As for me, I hope to have the joy of meeting you soon and giving you a copy of “Non siete stati ancora sconfitti”, ‘You have not yet been defeated. Publishing the Italian edition of your compelling and essential book was one of my (professional and human) life’s most important ideas. A collective idea, even in the Italian case, because it was only possible by being shared with Beatrice Merz, Silvano Bertalot, Monica Ruocco.
I have to meet you to say thank you not only for your book but for having, in a certain way, influenced my choices and my narrative on the Arab region. Without having followed you, Manal, Manalaa, the path of an entire Arab generation towards and during the decade of revolutions, I would not have written “Invisible Arabs” in 2007, and above all, I would not have started my blog in 2008. Without your courage, I would not have understood many things, starting with your defence of dignity and freedom.

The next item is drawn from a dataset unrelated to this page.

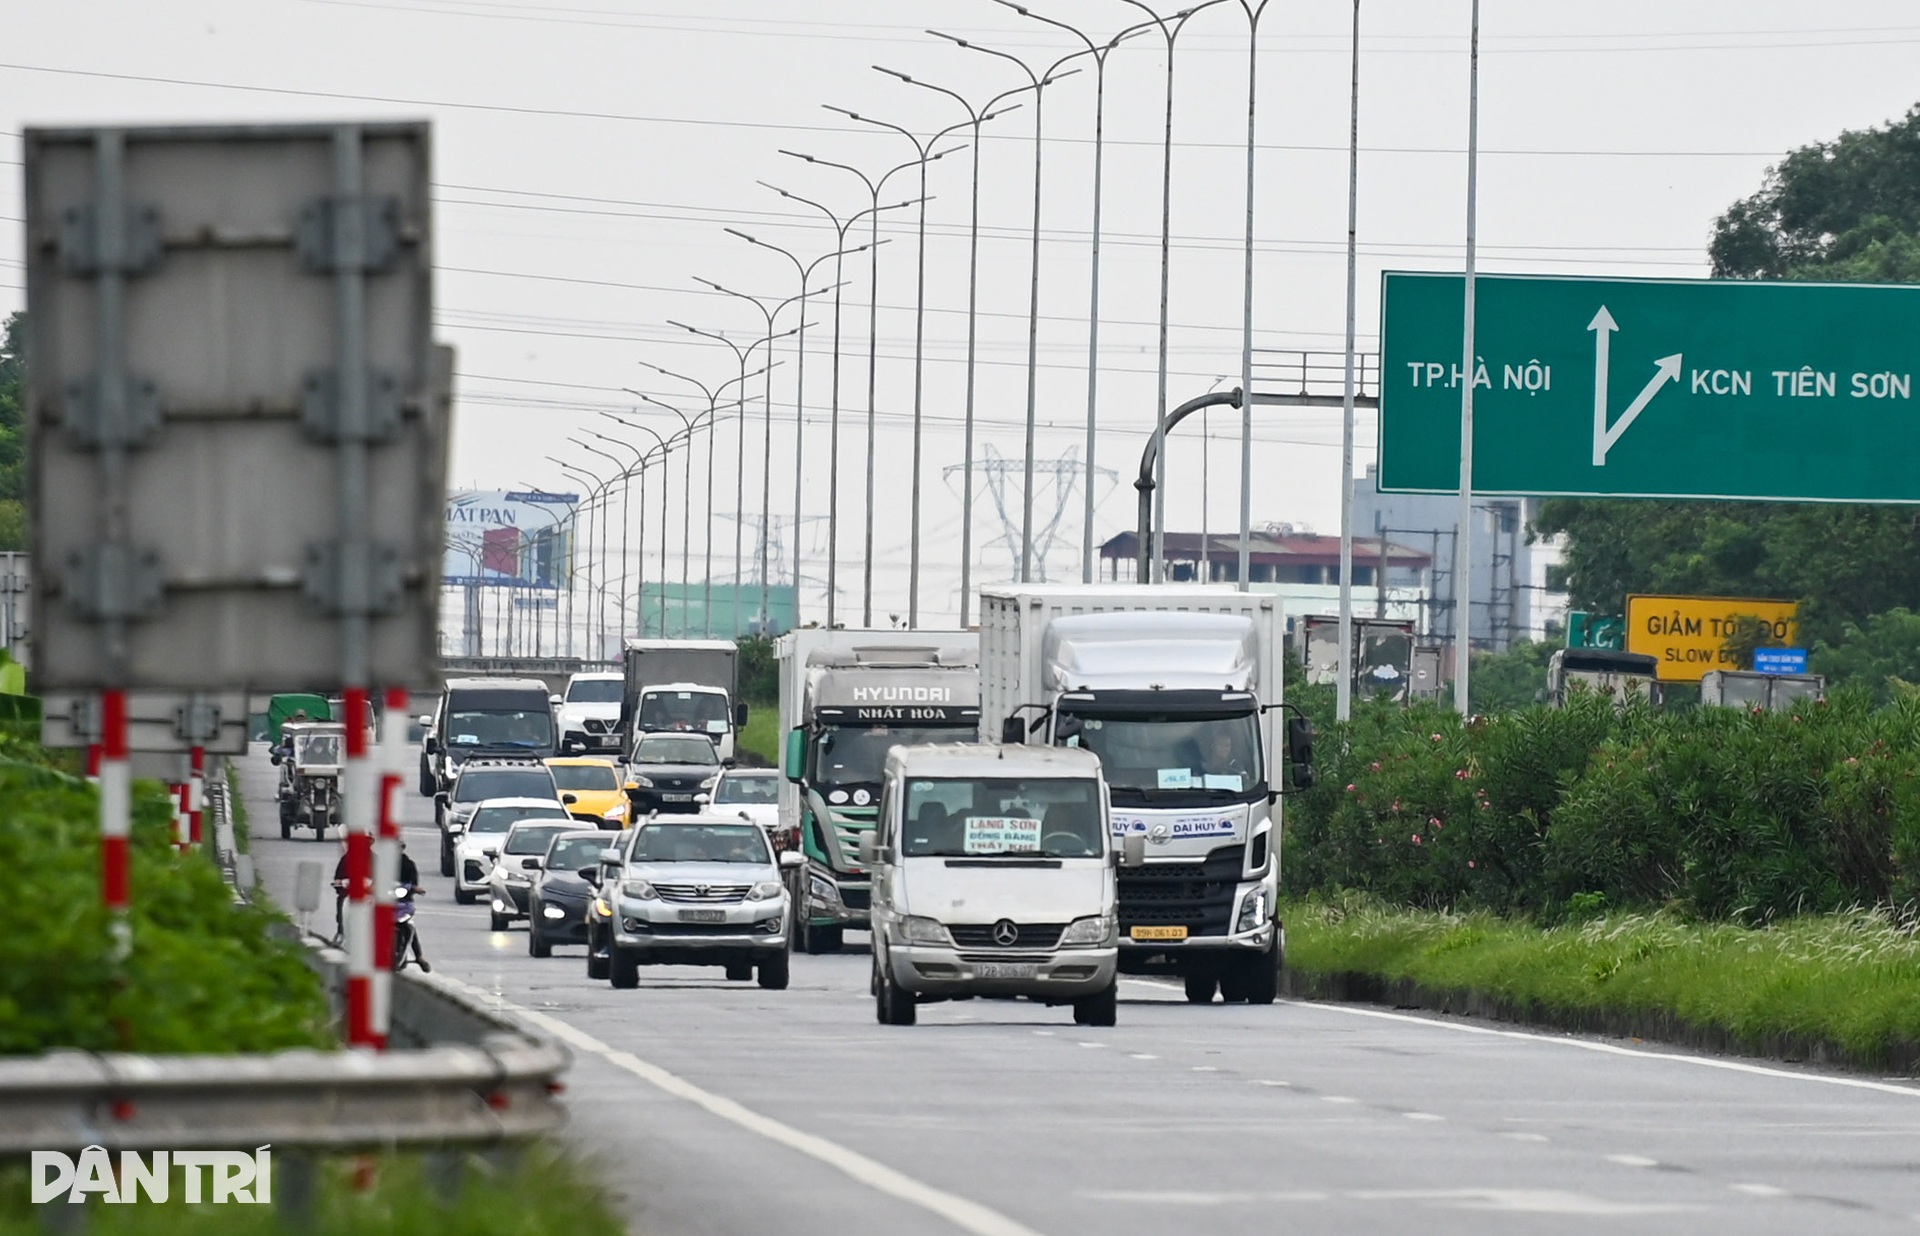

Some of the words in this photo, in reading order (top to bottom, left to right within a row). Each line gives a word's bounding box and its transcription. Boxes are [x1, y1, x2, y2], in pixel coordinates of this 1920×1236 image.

I need to meet you to tell you about the hundreds of people who fasted for you, especially in Italy, from 28 May to mid-November, in an endless chain of solidarity. The relay only ended when you stopped your hunger strike.
I would like to meet you to prepare good food for you. Cooking can be an act of healing. During your hunger strike, I stopped sharing with my readers the recipes that bring the whole Mediterranean together, often prepared in this kitchen. It was a question of respect for your fight for freedom, justice, and dignity. Now it is time to start caring again through the act of cooking.
I wish you all the happiness you can achieve.